Is the market too expensive?
In December 2001, Fortune magazine revealed the details of a speech given by Warren Buffett to a bunch of corporate executives. At the time Buffett called the ratio of market capitalisation to Gross National Product “probably the best single measure of where valuations stand at any given moment.”
He may have been right about that. Had investors been paying attention to it they may have avoided the tech wreck in 1999-2000 and the global financial crisis seven years later. Those with strong stomachs may have even bought a few bargains in the ensuing crashes.
The ratio has a degree of predictive power, not in terms of timing of course, but in signifying generally cheap and expensive stocks. With the US S&P 500 within scratching distance of its all-time highs in early March, the measure is enjoying something of a resurgence. So, what's it saying right now?
The beauty of the Buffett Indicator, as it became known, is its simplicity. On the top sits the numerator, or so Google tells me – the combined market value of all publicly traded shares. On the bottom is the denominator – I worked that out myself – GNP. Divide the top by the bottom and you're done.
More recent versions of the chart use GDP instead of GNP but the picture's pretty much the same either way. Here's how it looks for the US, via Advisor Perspectives:
The Nifty 50 peak in the late 1960s and the more recent booms and busts are self-evident, as is the long-term increase in total market capitalisation since the early 1980s (the rising red line) related to the growing share of corporate profits as a share of US GDP, which have pushed market capitalisations up.
So, are US stocks expensive? Not according to Buffett.
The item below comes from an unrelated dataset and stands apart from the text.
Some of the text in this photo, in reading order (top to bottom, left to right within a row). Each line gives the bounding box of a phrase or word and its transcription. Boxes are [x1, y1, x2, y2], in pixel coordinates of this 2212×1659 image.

In an interview with CNBC in February, he said “we're not in bubble territory” and that US stocks prices were “on the cheap side”. That's not what the chart seems to suggest, though. It's generally accepted that a ratio above 100 per cent departs from fair value, and it's well above that level right now. Buffett explains the discrepancy via historically low interest rates. “If interest rates were 7 or 8 per cent then these [stock] prices would look exceptionally high.”
Then again, Berkshire Hathaway is sitting on $US86 billion in cash and equivalents, its highest ever. If bargains abounded, you'd think Wazza would be finding more opportunities to put it to work.
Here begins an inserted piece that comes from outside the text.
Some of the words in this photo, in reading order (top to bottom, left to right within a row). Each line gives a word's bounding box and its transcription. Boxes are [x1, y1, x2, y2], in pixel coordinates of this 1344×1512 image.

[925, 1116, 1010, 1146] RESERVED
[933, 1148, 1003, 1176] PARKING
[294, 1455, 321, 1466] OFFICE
With the S&P 500 very close to its all-time high of 2396 set on March 1, plenty of high-profile fundies are, in effect, saying that Buffett got it right 17 years ago and is now departing from the script. He's even buying into airlines, something he vowed never to do.
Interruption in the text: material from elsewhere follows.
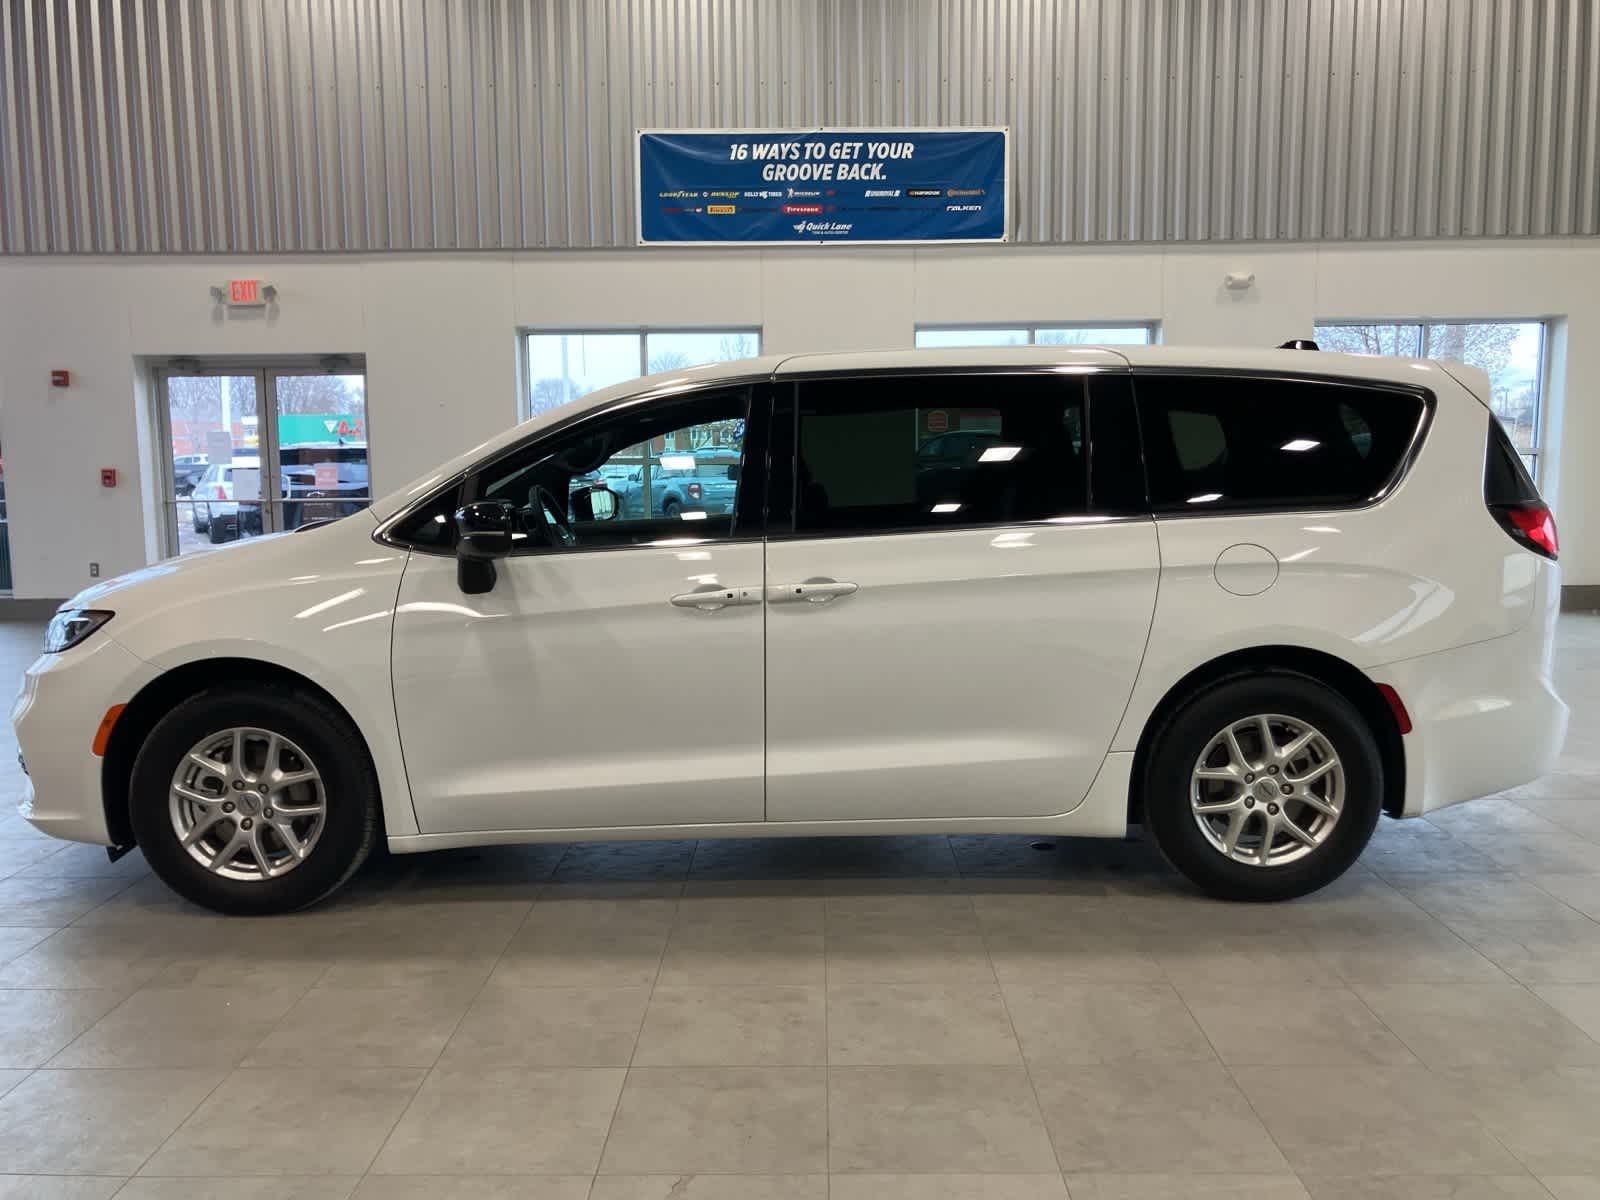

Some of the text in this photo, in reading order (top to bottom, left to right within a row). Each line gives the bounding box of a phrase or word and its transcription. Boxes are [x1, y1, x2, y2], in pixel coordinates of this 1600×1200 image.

[730, 142, 914, 161] 16 WAYS TO GET YOUR
[762, 163, 887, 181] GROOVE BACK.
[806, 222, 853, 231] Quick Lane
[231, 279, 257, 301] EXIT
This week, reclusive hedge fund manager Paul Tudor Jones lined up behind that view, saying that a variation of the above chart should “terrify” central bankers. Zerohedge reported that Guggenheim Partners' Scott Minerd expected a “significant correction” this summer, while Philip Yang of Willowbridge Associates expected falls of 20-40 per cent. Gulp! And the famed Seth Klarman recently told clients that corporate insiders offloading stock was an indicator of “full or excessive valuations.”
Should we be worried? If you're largely invested in US stocks, perhaps. But if your portfolio is chock-full of ASX-listed businesses, probably not. Whilst a Buffett Indicator of 125 per cent suggests US valuations are stretched, in Australia it's 96 per cent as of this week. Moreover, this ratio has been surprisingly stable since the GFC.
There's another reason not to panic, aside from the fact that panicking is always a bad idea. Just because a market is generally expensive does not mean cheap stocks cease to exist, although they may be harder to find.
The current surge in US stock prices makes the point. Since the Nasdaq breached 5500 towards the end of January, almost half the increase since then is down to Apple, Facebook, Microsoft, Amazon and Alphabet, owner of Google. The group accounts for about a third of the S&P 500's increase this year, too. Plenty of stocks have gone nowhere or retreated. Such are the problems of general indicators.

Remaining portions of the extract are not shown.